Lorsqu'on souhaite réaliser un enduit mural résistant, il est fondamental de le composer de trois couches principales :
- gobetis, aussi connu sous le nom de giclage ou mouchetis,
- corps d'enduit ou dégrossis,
- couche de finition.
Le rôle crucial du gobetis
Le gobetis joue un rôle fondamental en tant que couche d'accrochage pour l’enduit. Lorsqu'il est appliqué sur des murs en pierre, il se doit d'être poreux afin de favoriser l’évaporation de l’humidité remontant des murs. Cette couche doit également être souple pour accompagner le séchage des couches suivantes qui se contractent en perdant leur humidité.

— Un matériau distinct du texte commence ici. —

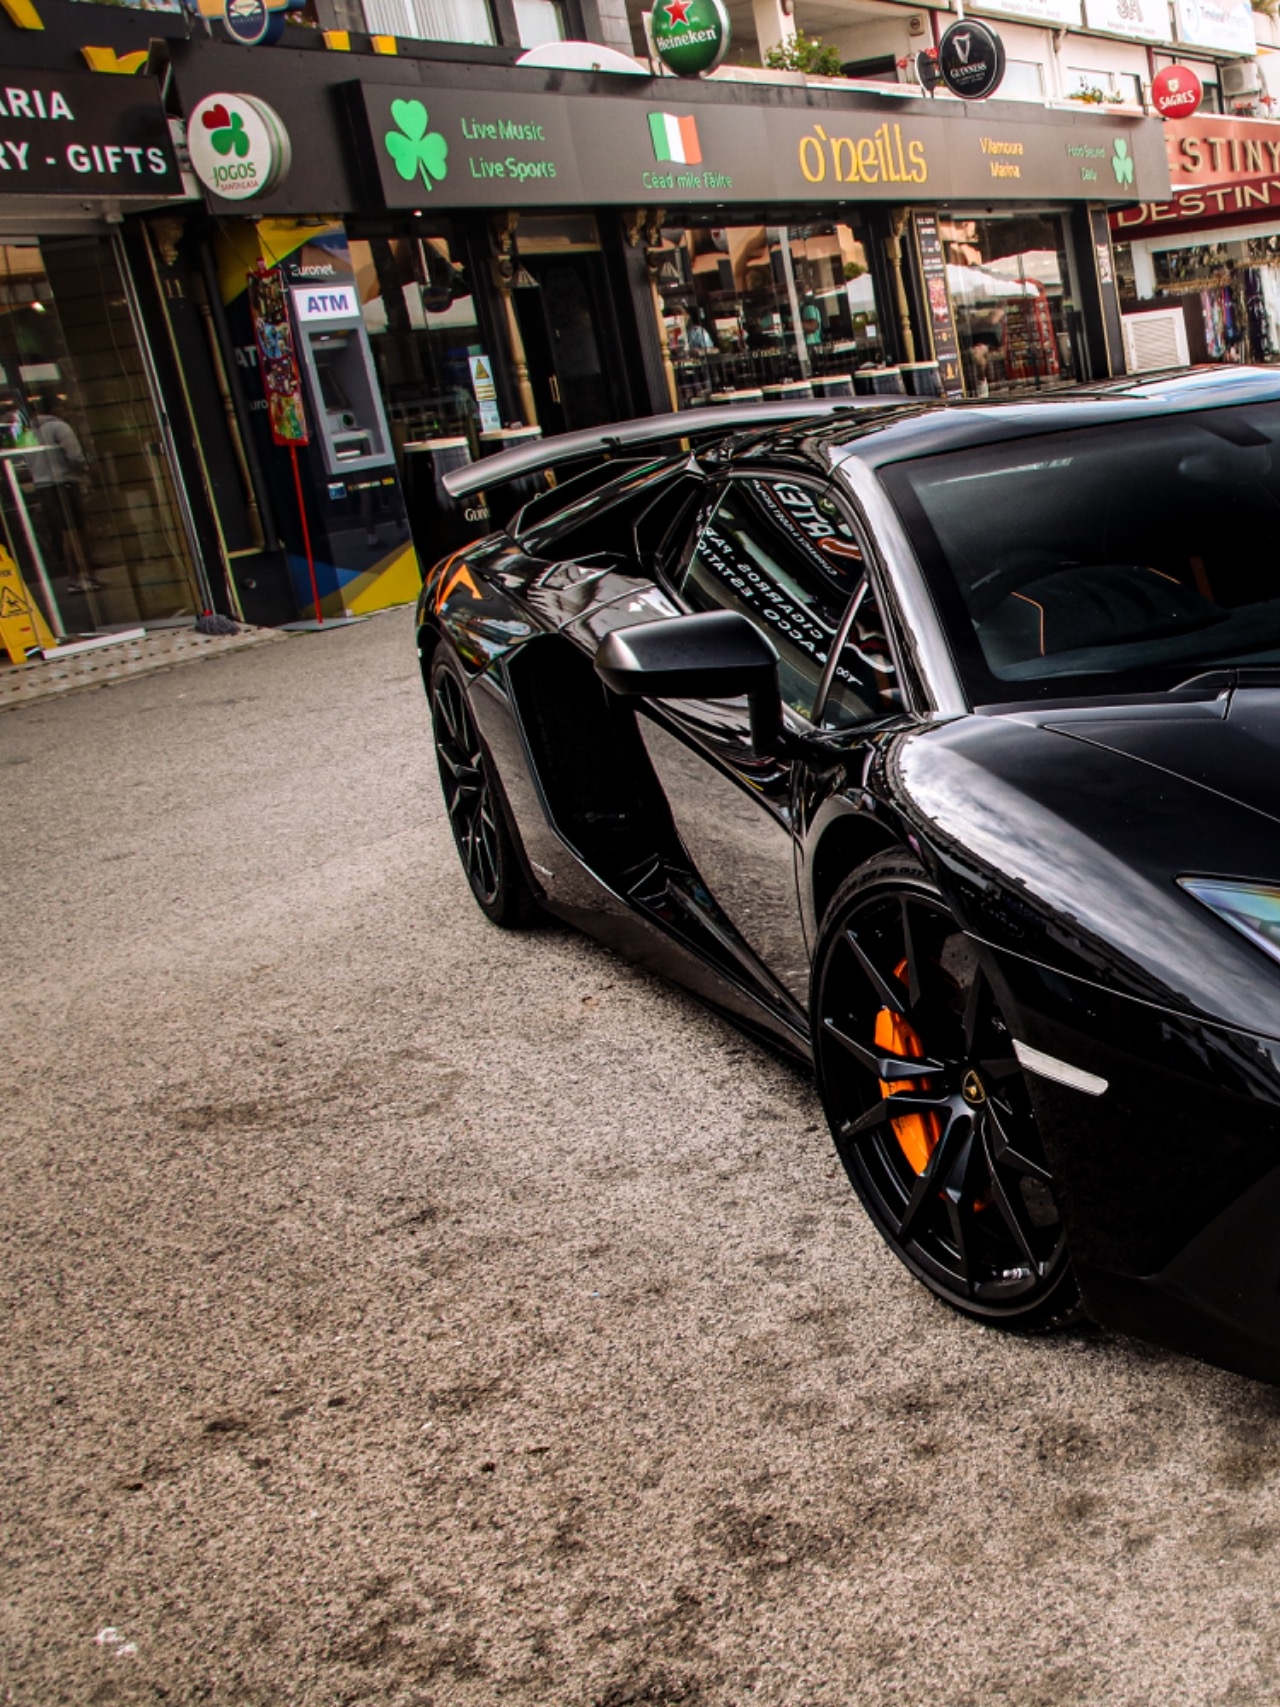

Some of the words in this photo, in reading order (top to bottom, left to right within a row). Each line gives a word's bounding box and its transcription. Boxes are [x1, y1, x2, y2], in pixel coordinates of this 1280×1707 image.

Un dosage adéquat du gobetis est indispensable pour garantir la durabilité de l’enduit. Il est crucial de ne pas ajouter d'hydrofuge, car sa fonction n'est pas d’imperméabiliser le mur, mais de faciliter l'accroche de l’enduit.
Choix du matériau : chaux vs ciment
Le gobetis peut être réalisé à partir de plusieurs matériaux : chaux, ciment ou un mélange des deux. Le gobetis en ciment est viable, bien qu'il ne soit pas poreux. S’appliquant sur des murs en parpaing qui ne nécessitent pas de respiration, cette option peut s’avérer judicieuse. Pour les murs de pierres, cependant, la chaux est incontournable pour assurer la bonne évacuation de l’eau. Il est conseillé d’utiliser de la chaux hydraulique, qui, contrairement à la chaux aérienne, durcit en présence d'humidité. On distingue trois niveaux de dureté de la chaux hydraulique :
- dureté faible (NHL 2),
- dureté moyenne (NHL 3,5),
- dureté élevée (NHL 5).
Pour la restauration des bâtiments anciens, les deux premières duretés sont recommandées. La chaux hydraulique est flexibile, tenant compte des mouvements et dilatations thermiques.
Une autre option est d'utiliser un mortier bâtard, un mélange de ciment et de chaux à parts égales. La chaux offre un meilleur pouvoir collant, particulièrement sur les surfaces rugueuses. Pour des murs lisses, le ciment peut compléter la chaux. Sur des parpaings, les aspérités sont suffisantes pour travailler avec la chaux seule, mais sur des briques, le gobetis en ciment est nécessaire.
La méthode de réalisation du gobetis
Pour créer le gobetis, optez pour du sable lavé à gros grains (0 à 5 mm). La proportion recommandée est d’1 volume de chaux hydraulique (ou ciment) pour 1 à 2 volumes de sable. Après un mélange, ajoutez de l’eau jusqu’à obtenir un mortier très liquide, avec une consistance se rapprochant d'une "soupe".
Projetez ce mélange sur un mur préalablement humidifié, sans provoquer de ruissellement. L’objectif est de “salir” le mur, sans tenter de corriger les défauts visibles. Un gobetis parfaitement appliqué présente une couche bien fine qui, au séchage, se détache facilement quand on passe la main dessus, laissant les petits grains de sable solidement accrochés.